These were my thoughts when I interviewed Kotaro Nishibori. Born in 1974 in Shingu Wakayama, he eventually met a person from Kyoto who would become his wife, who happened to be one of two daughters of a traditional paper umbrella business in Kyoto: a Wagasa shop called Hiyoshiya.

In late February, Nishibori had a conversation with JAPAN Forward on how he managed to bring a family business back from a near-the-end status to a successful enterprise. A key part of the chat was about his latest project ー Meisterstrasse ー an innovative platform created in collaboration with craftsmen from all over the world to bring Japanese arts to the world and beyond.

From Shingu to Toronto

How does one become a craftsman of traditional Japanese paper umbrellas? For the uninitiated, Wagasa is the red paper umbrella that we picture Maikos or Geisha carrying around in woodblock prints.  

The protagonist of our story was born in Shingu, Wakayama, which some might know as the birthplace of Aikido, a non-competitive martial art focused on self-defense.

Kotaro Nishibori grew up in this town, practicing aikido and surrounded by people from all over the world who would come to the town to learn about the martial art.

But when asked, he explained that he pegged the start of his current life adventure to the time after high school, when he took an opportunity to experience living abroad by studying in Toronto.

“I was at a class for English as Second Language (ESL) at a university in Toronto, and you normally have to introduce yourself, right? That was the first time I had to explain about Japan. It was an opportunity to get to know my culture again.”

Nishibori recalled the embarrassment he felt when he was asked to explain Kabuki, or tea ceremony. It was finding he didn’t know about his own country that provided the impetus to learn more.

Nishibori explains the moment of realization: “It was the first time that I saw Japan from the outside. Toronto is a bit of a mosaic. It has people from everywhere, and my uncle worked in a supermarket in Chinatown. You rub shoulders with people who are immigrants from countries ravaged by civil wars and complicated situations. It was a time when I realized how lucky we were in Japan.”
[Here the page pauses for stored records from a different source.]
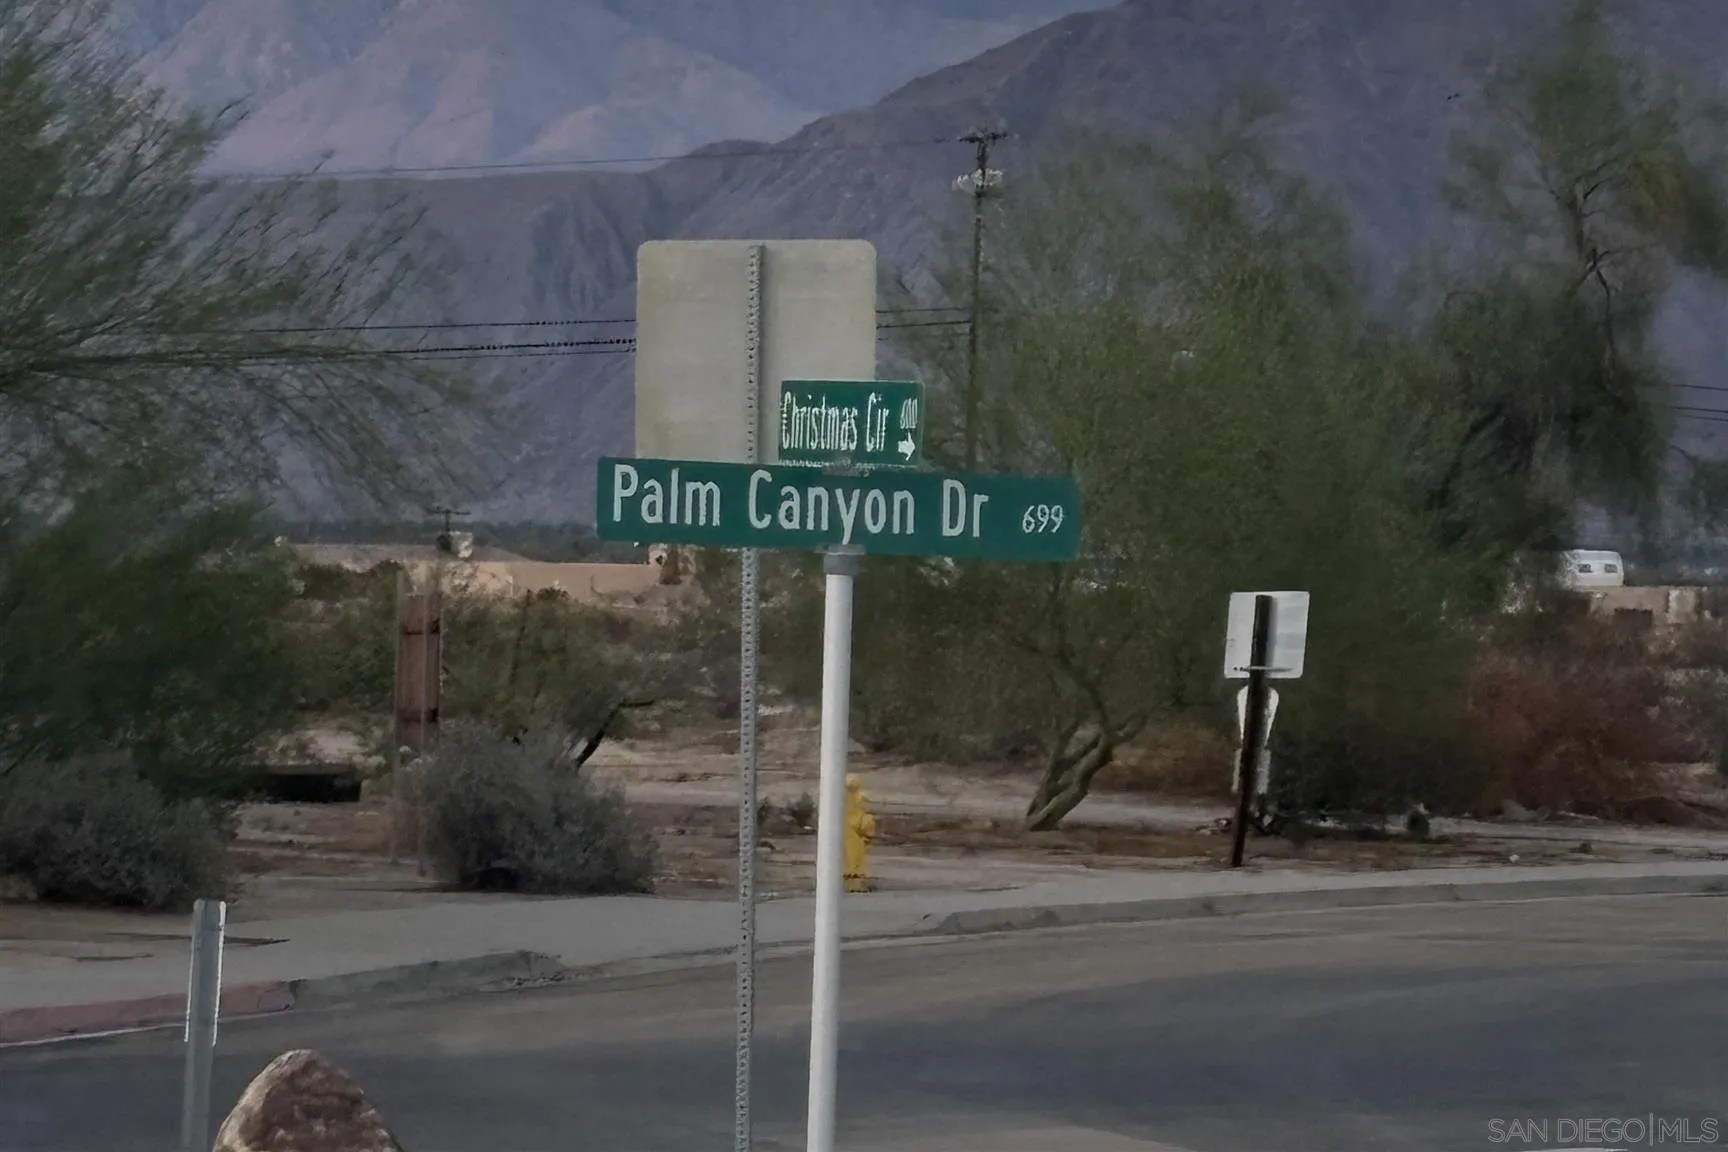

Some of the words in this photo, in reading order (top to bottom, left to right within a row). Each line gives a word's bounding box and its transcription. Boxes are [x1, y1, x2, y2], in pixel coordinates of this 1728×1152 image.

[781, 391, 858, 450] Christmas
[866, 392, 890, 452] Cir
[613, 464, 721, 527] Palm
[748, 469, 915, 545] Canyon
[942, 479, 989, 538] Dr
[1022, 504, 1064, 534] 699
Eventually, Nishibori came back to Japan, to save up some money for his next steps. At the time, he dreamed about opening a Japanese restaurant in Croatia.

But it was while back for his short spell that he had his first encounter with Wagasa.
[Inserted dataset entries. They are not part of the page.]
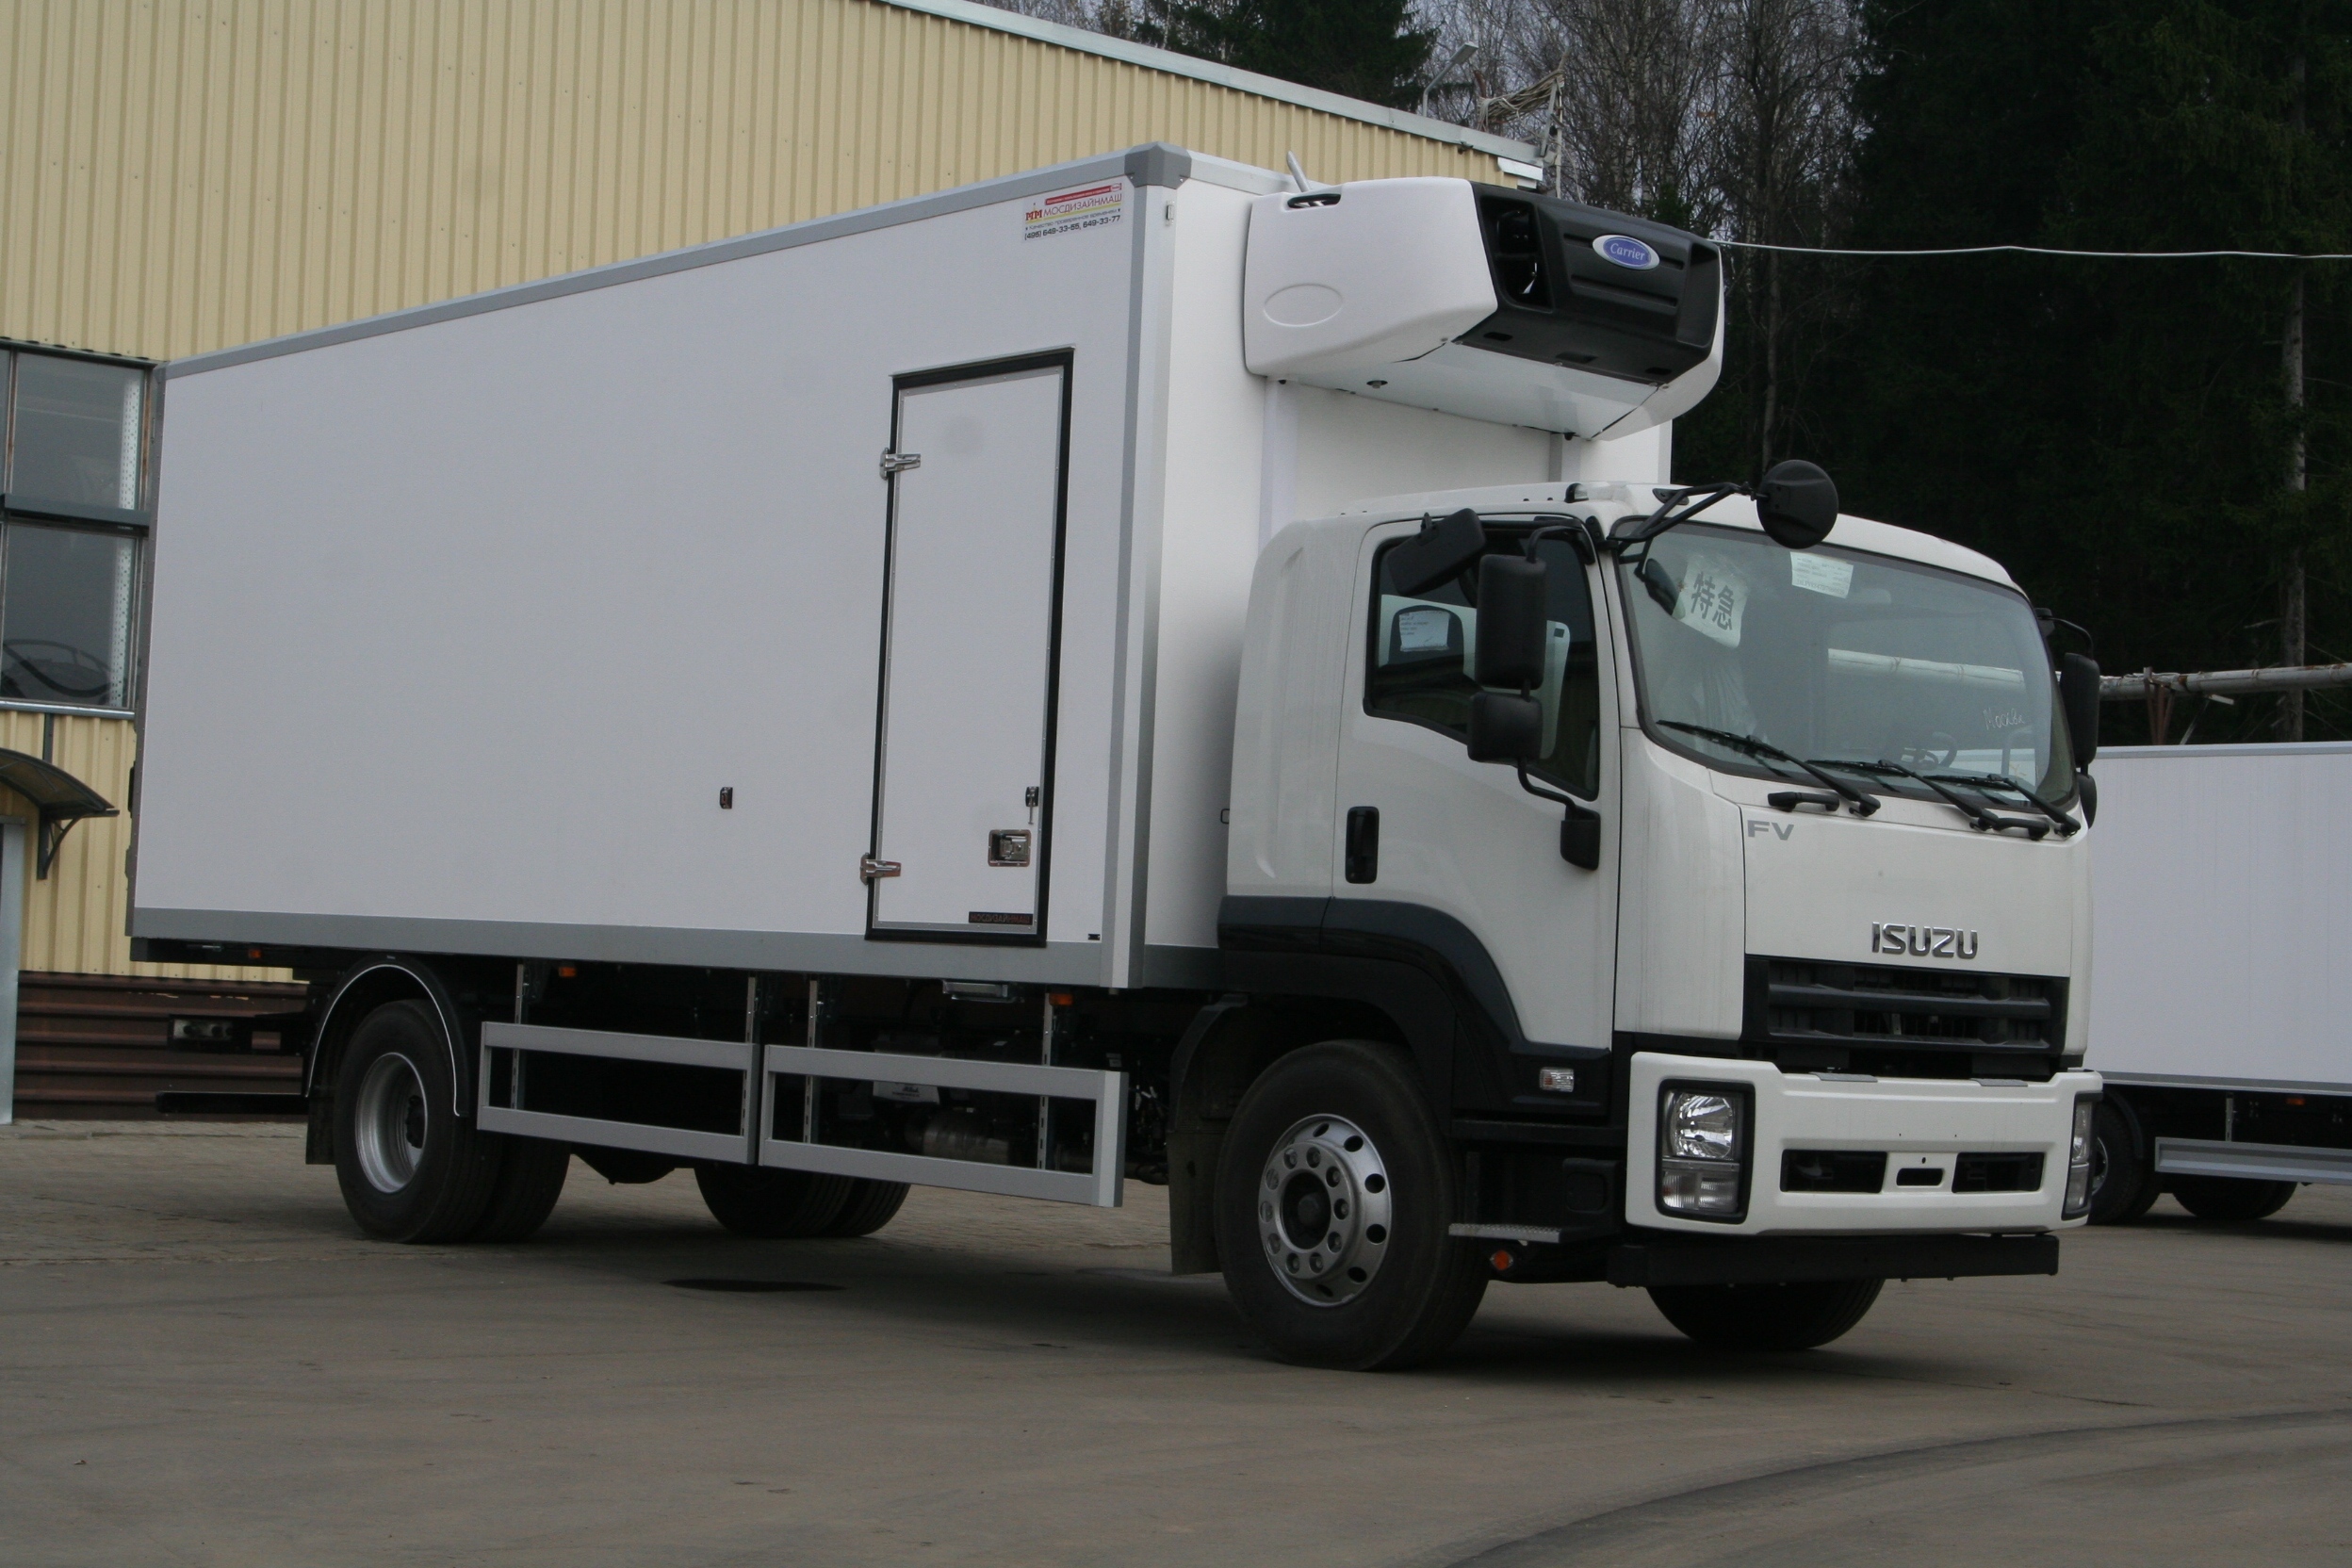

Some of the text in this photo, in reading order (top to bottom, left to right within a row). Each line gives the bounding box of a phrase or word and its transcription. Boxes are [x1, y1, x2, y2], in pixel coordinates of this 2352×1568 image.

[1043, 193, 1121, 216] МОСДИЗАЙНМАШ
[1083, 215, 1120, 228] 649-33-77
[1610, 243, 1644, 260] Carrier
[1690, 571, 1735, 630] 特急
[1747, 820, 1794, 841] FV
[1871, 921, 1978, 959] ISUZU
Discovering the Appeal of Wagasa

When back in Japan, Nishibori met a woman from Kyoto, who would later become his wife.

“I went to the family house to visit, and that was the first time that they showed me around the family business of wagasa, the Japanese traditional paper umbrella,” he recalled.

Now a craftsman himself, he told us that he had never seen a wagasa in person before, and how he reacted at the time:

“It was a real shock for me, seeing that there were still people who worked with wood and paper to produce something. I am Japanese, but I had never seen a wagasa before, and I thought to myself how beautiful and cool it was.”

Wagasa has a history of almost 1,000 years, going back to the Heian Era (794-1185). And only a handful of people manufacture it in the country these days. It differs from a western umbrella both in materials and structure, and Kyoto is historically the center of wagasa production in Japan. 

After a pause, Nishibori reflected on how the encounter happened at the right time, as “It was probably especially because I had just come back from my experience in Canada that I was able to appreciate it,” he told us.

Bringing Wagasa Online

At the beginning of the relationship with his wife, Nishibori of course had no idea he would end up running the family business.

But, because he was interested in promoting Japan, he and his wife started working in the local city government office at Shingu, in the tourism promotion section.

Meanwhile, the family business of Hiyoshiya was showing signs of struggling. The two youngest members of the family were not showing interest in continuing the family business.

On the other hand, umbrellas made of paper are a tough sell in normal times, never mind when it’s something hand-made that has the connotation of being old-fashioned and irrelevant. The high price tag between several hundred and several thousands of dollars can also deter customers.

However, it was at that point that Nishibori decided he wanted to help. He told us: “It looked like the shop would close. I saw that and thought to myself, what a pity. Because I was doing a tourism-related job, I thought that we could do a website and try to do online promotions.”

This was back in 1996, when the age of the internet was just taking off.

Nishibori explained why he thought building a website was important:

“I am just a regular person, and I think that wagasa is cool. If I think that, there are bound to be other people, albeit a niche number of people, who think the same. But even a small percentage of people, on a global scale, could mean thousands and thousands of people, and for a small craftsman, that is more than enough.”

It was a bet, as it was one of the first Japanese craftsman websites to open.

But it paid off. Just like that, the website started to get noticed. The family business started picking up, and before they knew it, Hiyoshiya had more orders than it could handle.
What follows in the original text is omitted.